[Given data — start]
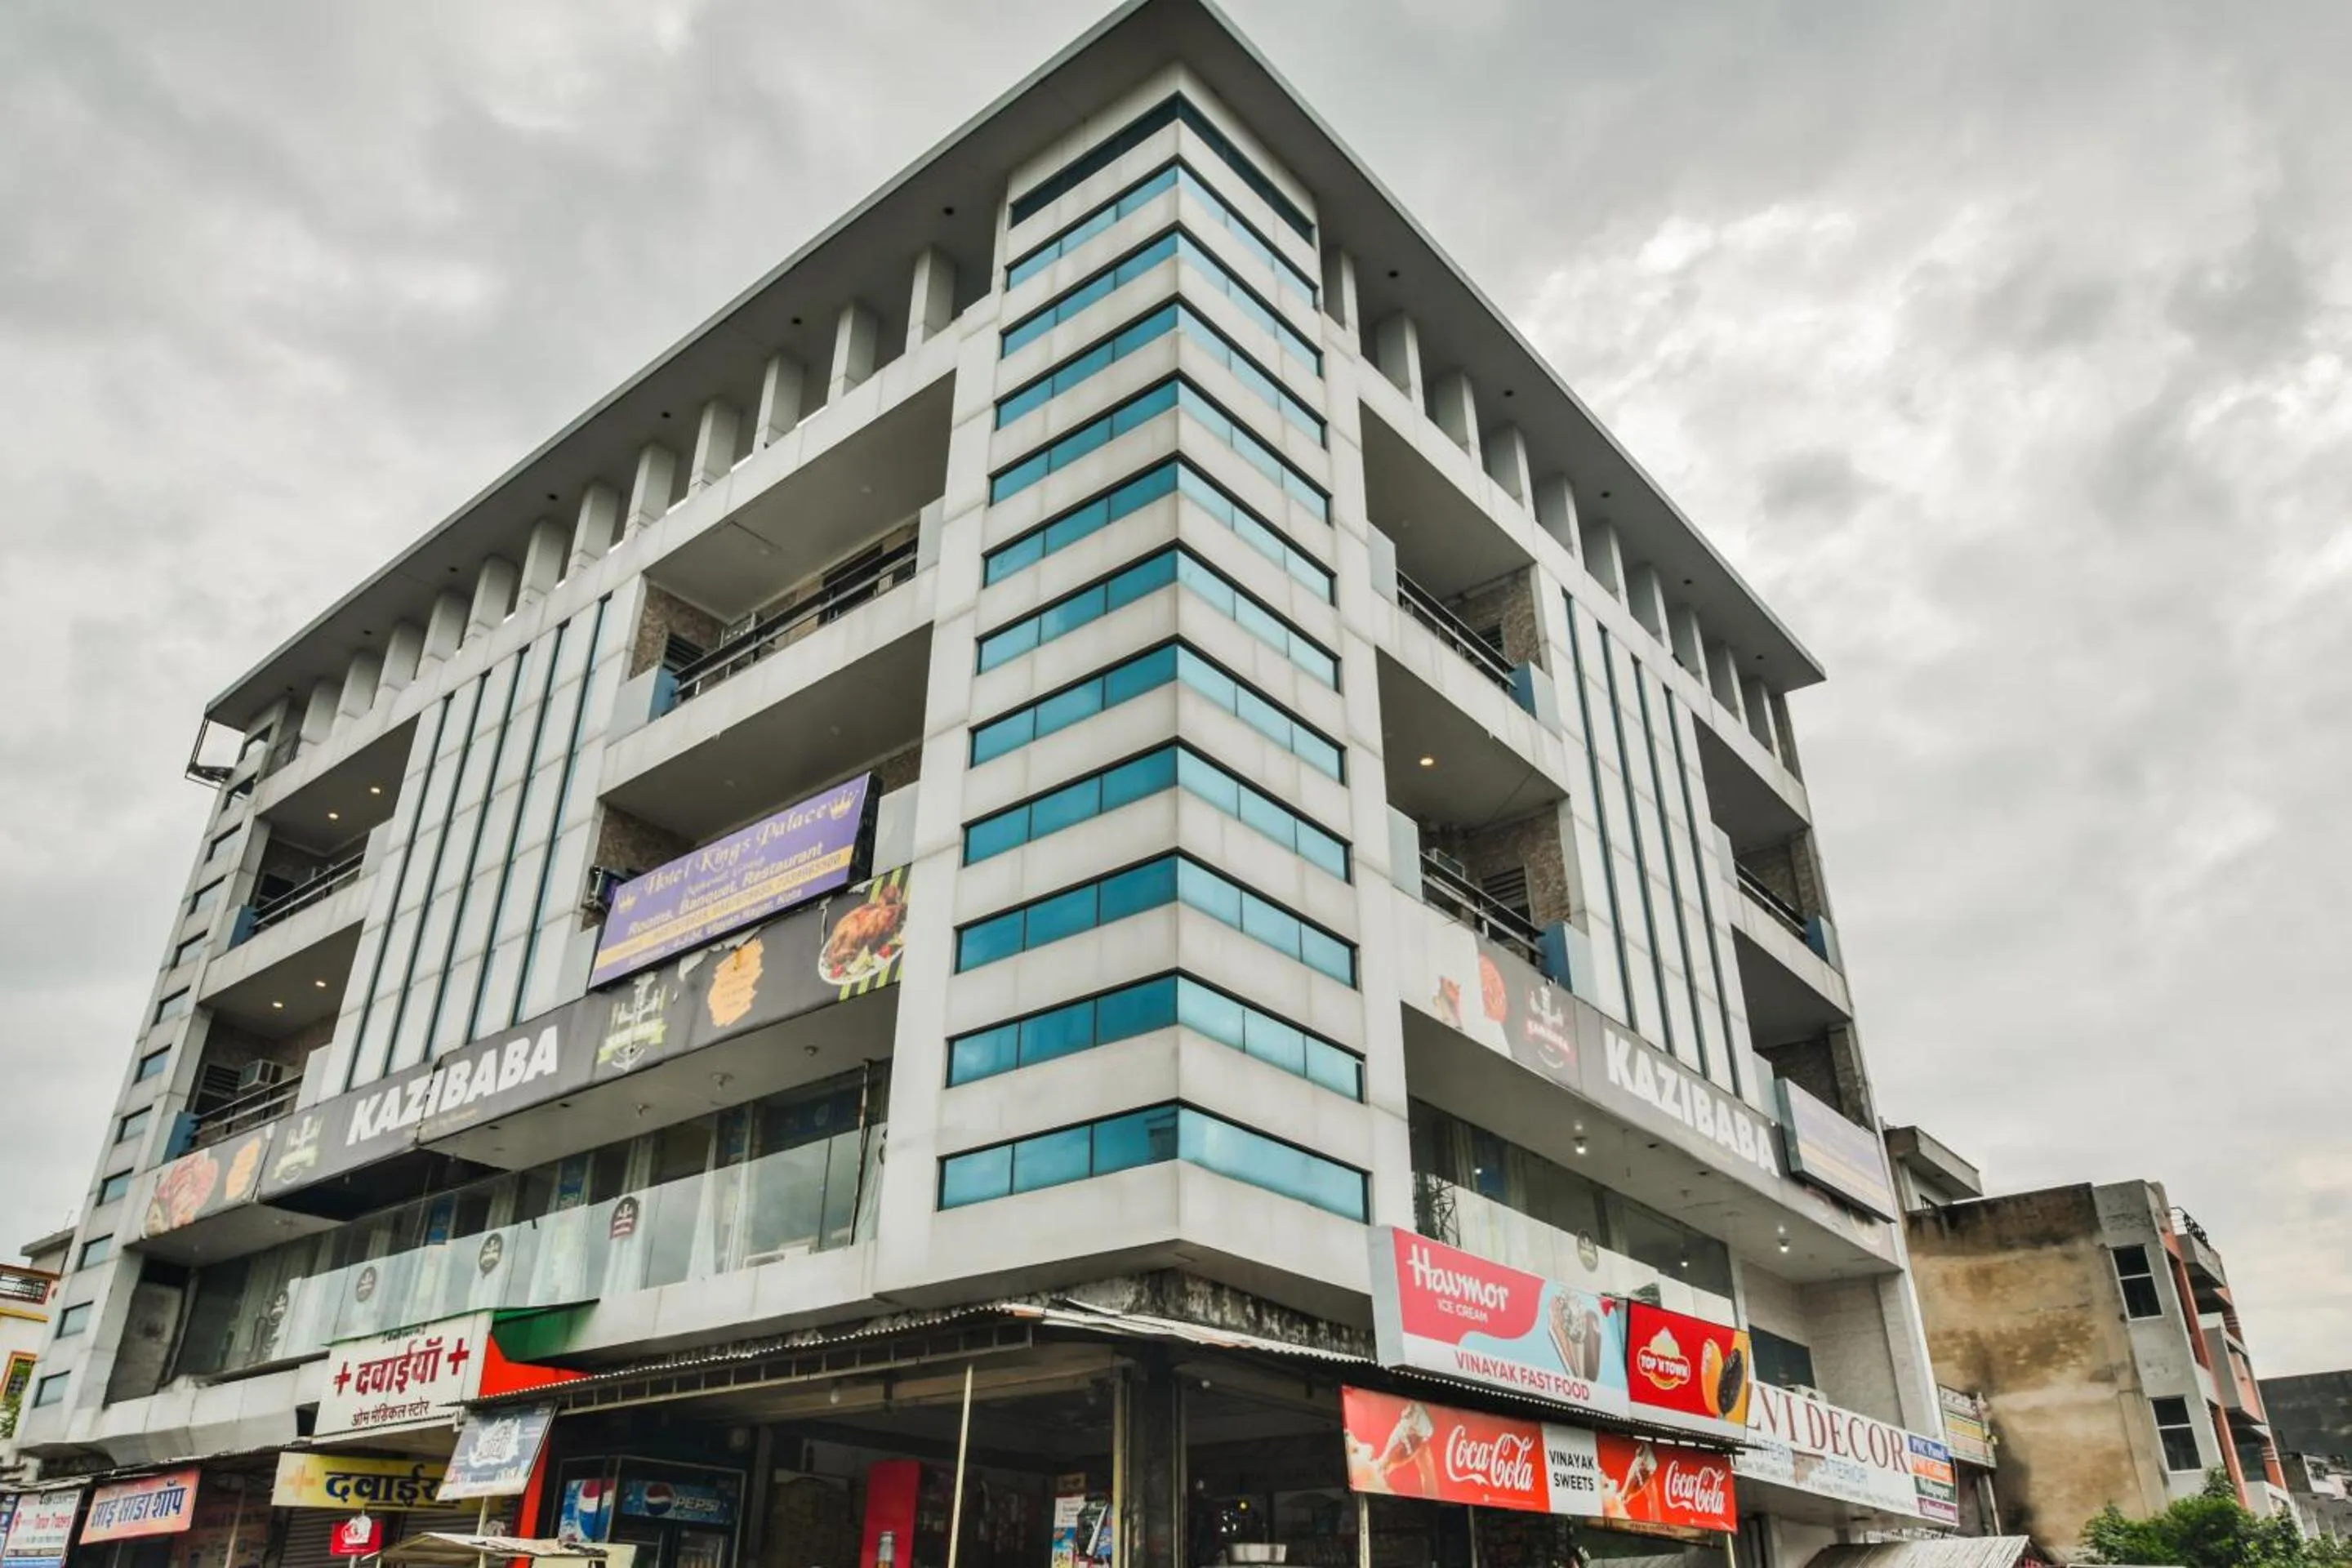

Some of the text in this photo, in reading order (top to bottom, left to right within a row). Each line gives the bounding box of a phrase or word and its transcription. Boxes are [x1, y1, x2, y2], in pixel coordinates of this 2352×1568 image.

[345, 1026, 559, 1147] KAZIBABA
[1603, 1027, 1780, 1178] KAZIBABA
[1407, 1242, 1509, 1312] Havmor
[1437, 1299, 1489, 1324] ICE CREAM
[1454, 1350, 1590, 1402] VINAYAK FAST FOOD
[1445, 1424, 1534, 1492] Coca-Cola
[1548, 1450, 1595, 1471] VINAYAK
[1805, 1401, 1909, 1474] DECOR
[1554, 1472, 1594, 1493] SWEETS
[1664, 1460, 1726, 1516] Coca-Cola
[Given data — finish]
● Exercise objective: The material above holds pictures; copy everything else in it exactly.

● Answer for this exercise:
Some of the text in this photo, in reading order (top to bottom, left to right within a row). Each line gives the bounding box of a phrase or word and its transcription. Boxes are [x1, y1, x2, y2], in pixel coordinates of this 2352×1568 image.

[345, 1026, 559, 1147] KAZIBABA
[1603, 1027, 1780, 1178] KAZIBABA
[1407, 1242, 1509, 1312] Havmor
[1437, 1299, 1489, 1324] ICE CREAM
[1454, 1350, 1590, 1402] VINAYAK FAST FOOD
[1445, 1424, 1534, 1492] Coca-Cola
[1548, 1450, 1595, 1471] VINAYAK
[1805, 1401, 1909, 1474] DECOR
[1554, 1472, 1594, 1493] SWEETS
[1664, 1460, 1726, 1516] Coca-Cola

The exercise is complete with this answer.